Puro papel mojado. De nada sirvió la Carta Democrática Interamericana solemnemente firmada en Lima en el 2001 por los 34 países miembros de la OEA. Sesenta muertos, cientos de heridos y torturados y más de dos mil detenidos, pero la Organización de Estados Americanos no pudo ponerse de acuerdo para condenar al régimen de Venezuela tras la deriva totalitaria adoptada por Nicolás Maduro.
Casi todos los países del CARICOM, que son aproximadamente los mismos de Petrocaribe, la Odebrecht venezolana, corrompidos a punta de petrodólares, le vendieron al chavismo la conciencia democrática y la compasión por los muchachos que luchan y mueren por la libertad.
Formaron un club de estómagos agradecidos, secretamente coordinados en este evento por la cancillería venezolana controlada por los hábiles operadores políticos de la Dirección de Inteligencia (DI) cubana, presidida por el general Eduardo Delgado Rodríguez, para oponerse a la resolución presentada por EEUU, Canadá, México, Perú y Panamá, aportando una declaración alterna, totalmente anodina, que no tenía otro objeto que impedir la mayoría calificada que exigía el reglamento de la OEA para forjar una declaración conjunta.
La población combinada de los 15 Estados afiliados al CARICOM es apenas un 5% del censo de las naciones decididas a censurar a Maduro, pero la ficción democrática que impera en la OEA determina que el voto de Monserrat, una excrecencia geológica con menos de 6,000 habitantes poseedores de una bandera, un himno, una gasolinera y dos farmacias, vale lo mismo que el de Brasil.
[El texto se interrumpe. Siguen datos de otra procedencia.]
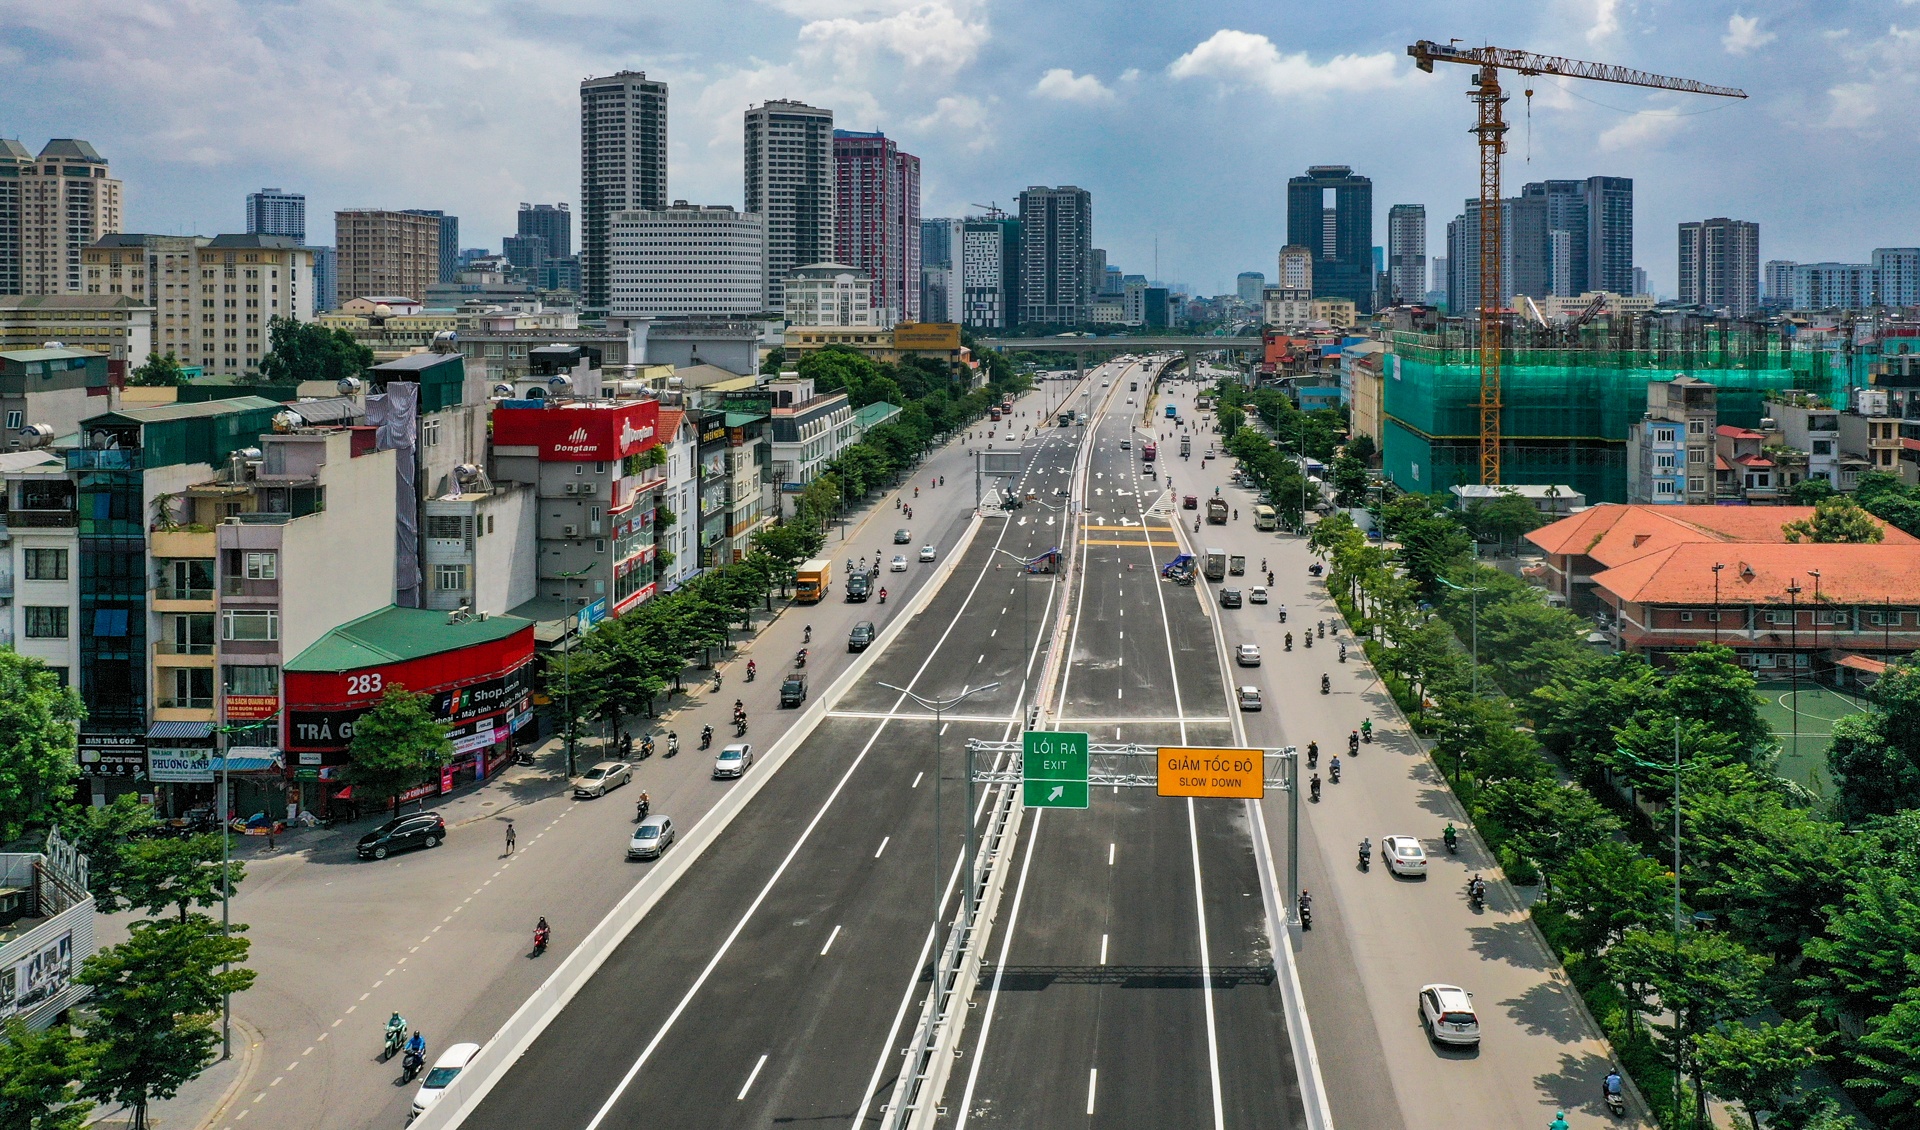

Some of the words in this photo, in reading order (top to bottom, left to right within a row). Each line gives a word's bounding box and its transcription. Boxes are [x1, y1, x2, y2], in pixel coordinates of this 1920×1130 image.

[554, 444, 598, 453] Dongtam
[347, 673, 382, 696] 283
[442, 692, 469, 712] FPT
[462, 705, 476, 720] Máy
[478, 702, 492, 714] tính
[297, 718, 333, 740] TRẢ
[103, 736, 118, 745] TRẢ
[119, 736, 136, 745] GÓP
[1033, 737, 1054, 755] LỐI
[1060, 743, 1078, 756] RA
[152, 758, 189, 769] PHƯƠNG
[190, 759, 210, 770] ANH
[1043, 760, 1067, 771] EXIT
[1168, 754, 1200, 772] GIẢM
[1204, 754, 1231, 772] TỐC
[1234, 757, 1253, 774] ĐỘ
[1179, 777, 1207, 788] SLOW
[1211, 777, 1242, 788] DOWN
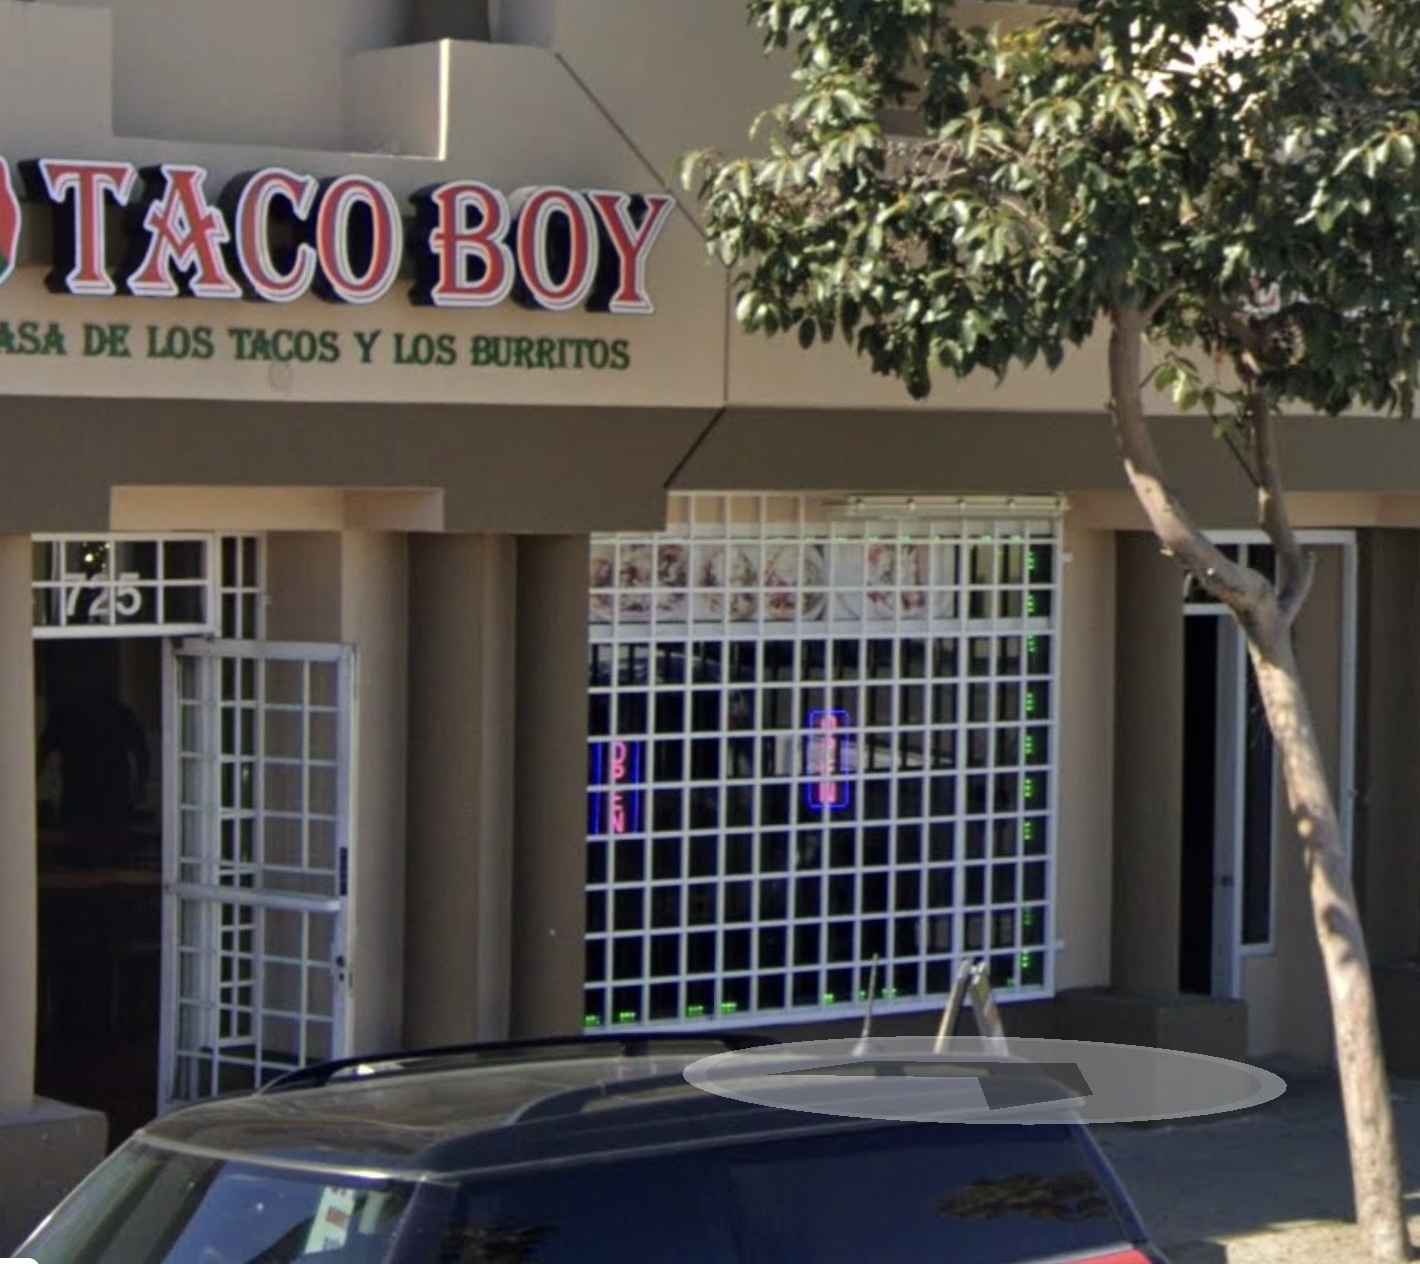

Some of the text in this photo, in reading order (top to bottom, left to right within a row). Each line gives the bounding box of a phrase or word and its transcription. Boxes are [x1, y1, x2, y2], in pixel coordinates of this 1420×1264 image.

[38, 158, 676, 314] TACO BOY
[84, 325, 131, 358] DE
[147, 326, 213, 360] LOS
[230, 329, 340, 363] TACOS
[355, 331, 381, 364] Y
[394, 331, 457, 366] LOS
[471, 333, 630, 371] BURRITOS
[64, 572, 142, 616] 725
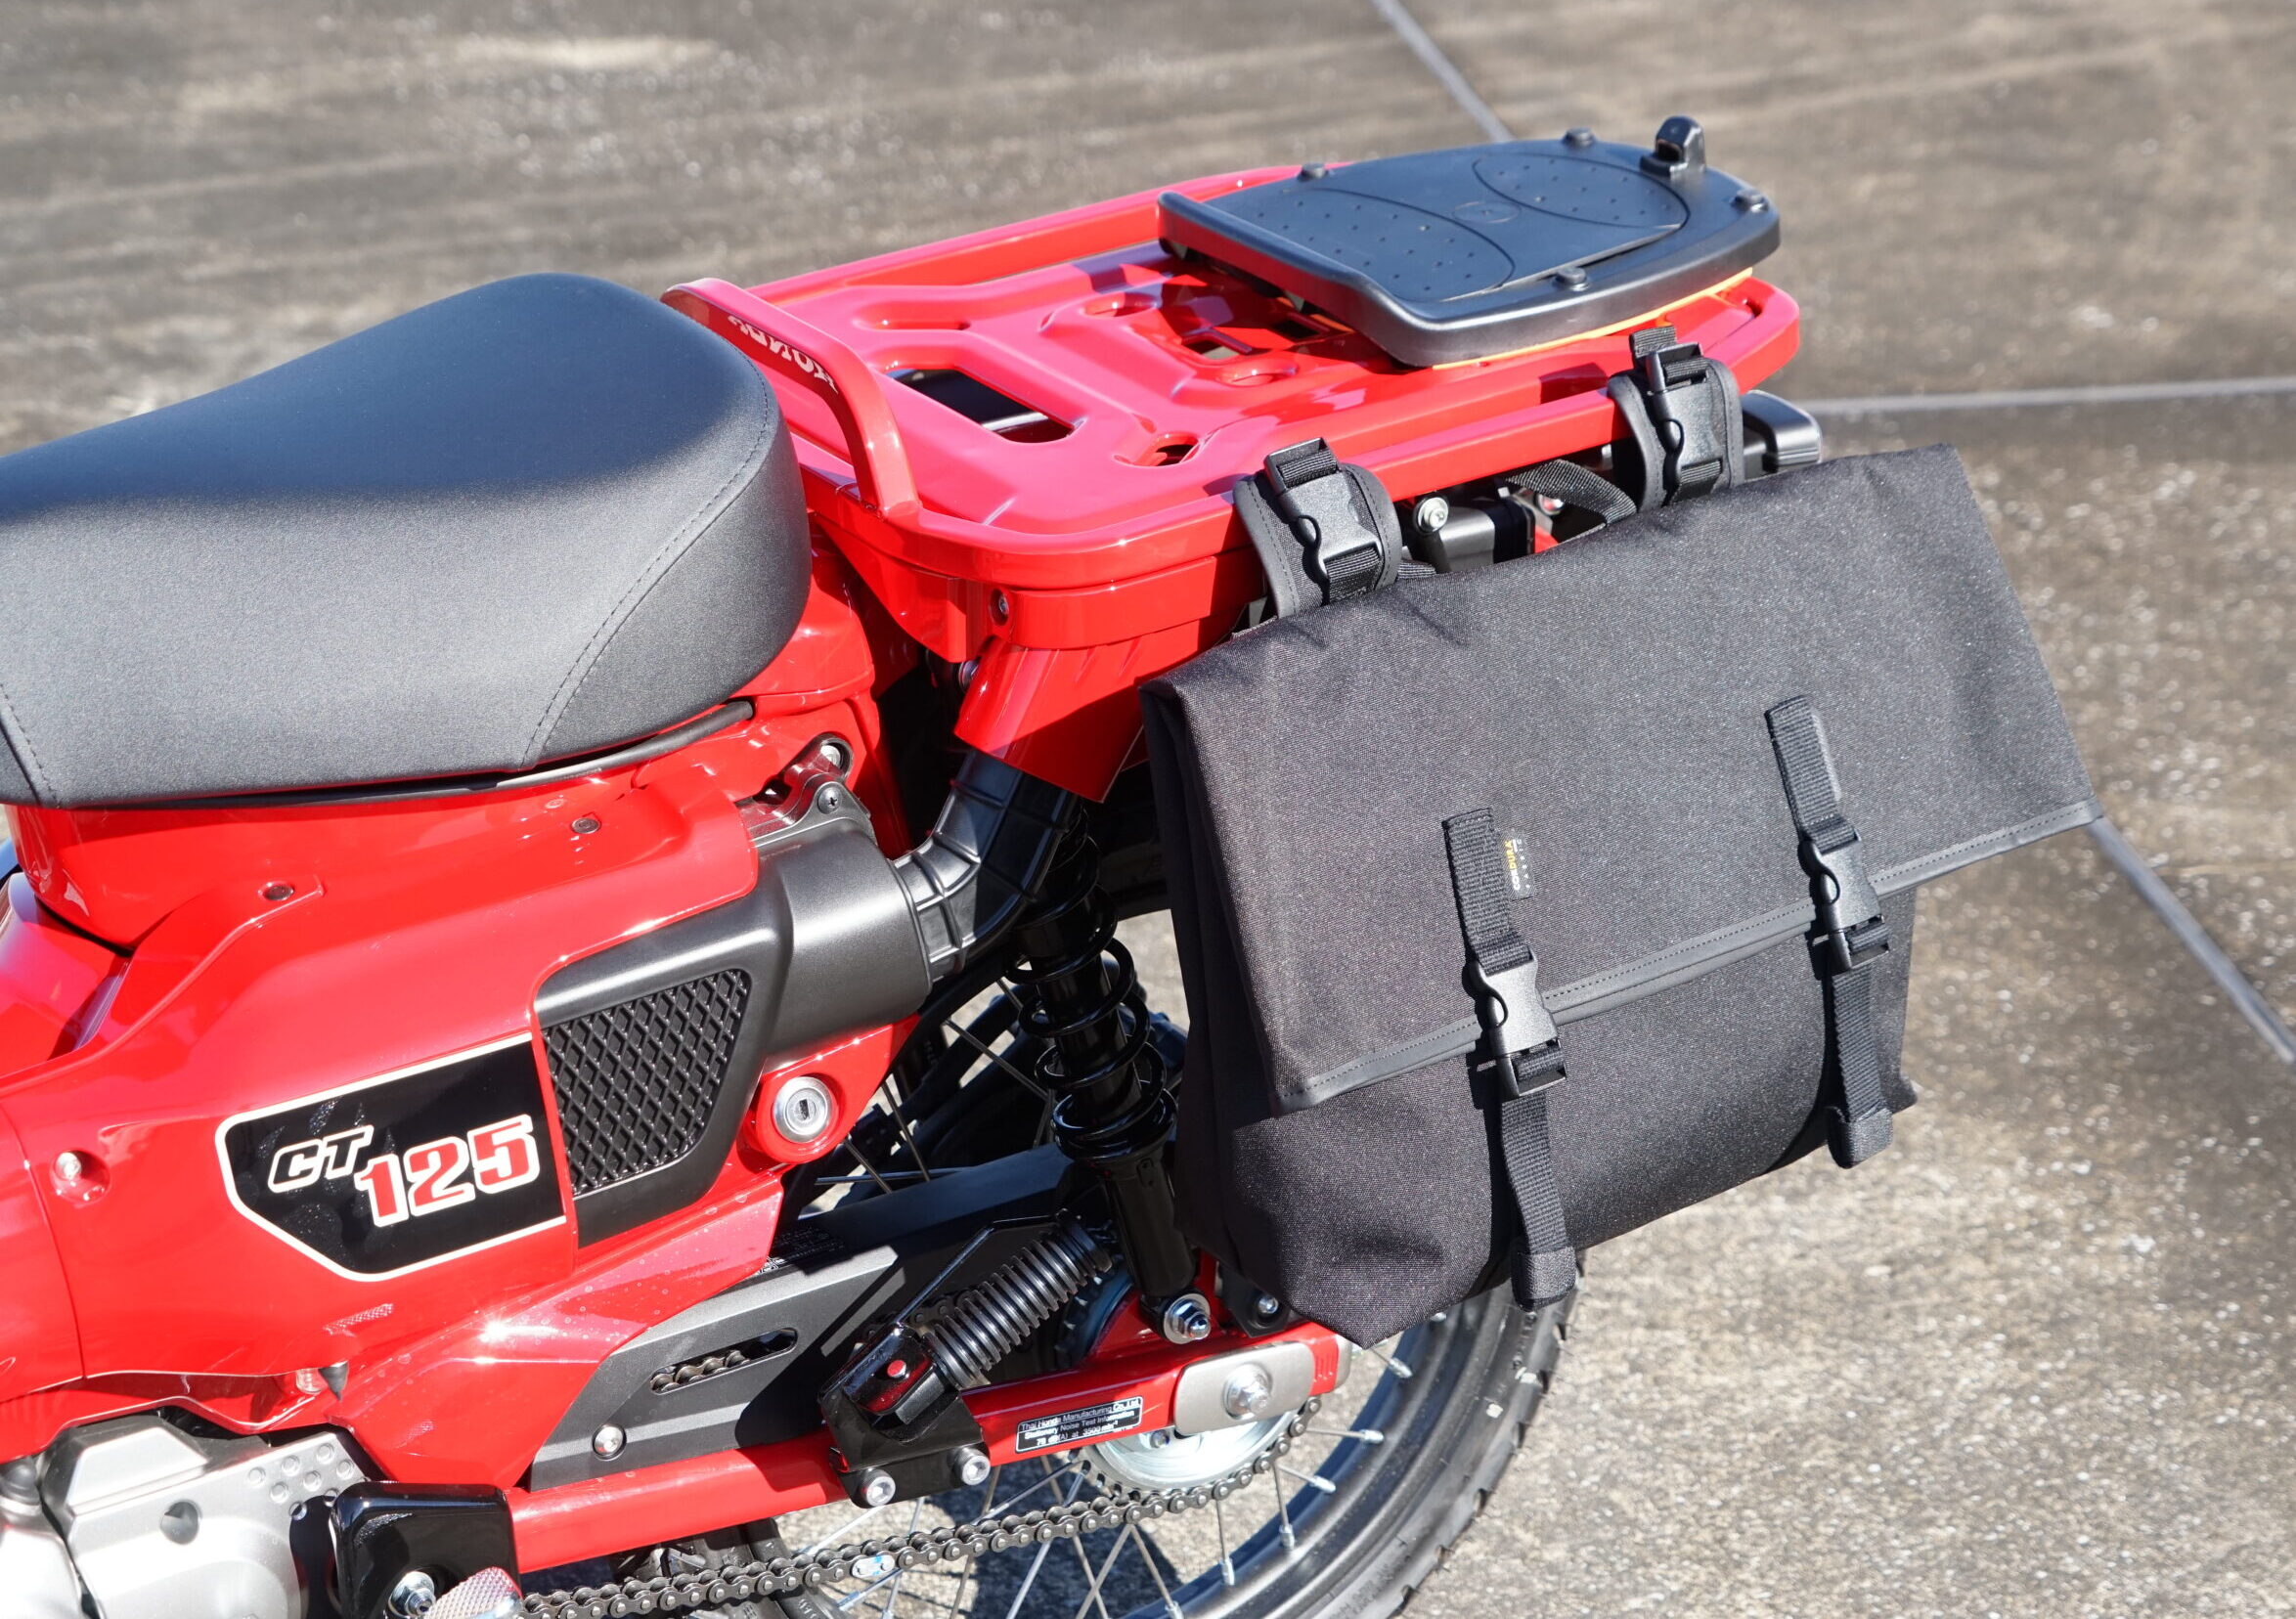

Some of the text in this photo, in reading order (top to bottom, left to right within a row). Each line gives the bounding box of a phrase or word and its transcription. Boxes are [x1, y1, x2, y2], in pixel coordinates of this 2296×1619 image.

Es decir, Raúl Castro y Nicolás Maduro súbita y hábilmente dotaron de política exterior a unos minúsculos países que carecían de ella, con el objeto de bloquear la acción de unas naciones que pretendían cumplir con el compromiso moral contraído por todos en la Carta Democrática Interamericana.
Este resultado era predecible. La OEA es una institución geográfica que surgió impulsada por la Guerra Fría. No obstante, su arquitecto, Estados Unidos, perdió interés en el organismo. Especialmente desde que, en diciembre de 1989, la institución se le escapó de las manos y condenó a Washington por la invasión a Panamá, efectuada para terminar con la narcodictadura criminal del general Manuel Antonio Noriega.
Los hechos se precipitaron tras el asesinato de un oficial norteamericano destacado en la Zona del Canal y la violación de la esposa de otro por cuenta de los militares norieguistas. La invasión, finalmente, le trajo la democracia al país. Pocos meses después, el gobierno legítimo de Guillermo Endara, inspirado por el vicepresidente Ricardo Arias Calderón, desmilitarizó a Panamá, cancelando para siempre unas Fuerzas Armadas que sólo habían servido para tiranizar al pueblo y estimular el tráfico de drogas.
Deberían existir sanciones para los diplomáticos y los Estados miembros que violan los compromisos que habían jurado defender. No es posible que funcionarios y políticos comprometidos con el cumplimiento de los Derechos Humanos y las reglas de la democracia liberal, acaben respaldando a la dictadura de Maduro por un puñado de barriles de petróleo y otros oscuros negocietes.
Fue premonitoria la reciente amenaza del senador Marcos Rubio a República Dominicana, Haití y El Salvador si no respaldaban posturas democráticas dentro de la OEA. Tras el reciente espectáculo, acaso algunos legisladores republicanos y demócratas propicien en Estados Unidos la aprobación de una ley bipartidista por la que se castigue de oficio a quienes ignoran o traicionan los compromisos previamente contraídos en las instancias internacionales.
Ya se sabe que negarles las visas de acceso a Estados Unidos a los políticos y funcionarios corruptos, la confiscación de sus recursos mal habidos, o decretar la imposibilidad de adquirir propiedades en el país, tienen un fuerte efecto disuasorio sobre las conductas reprobables de estos bandidos de cuello blanco. Sería una forma legítima de contribuir a la decencia y a la seriedad de la región.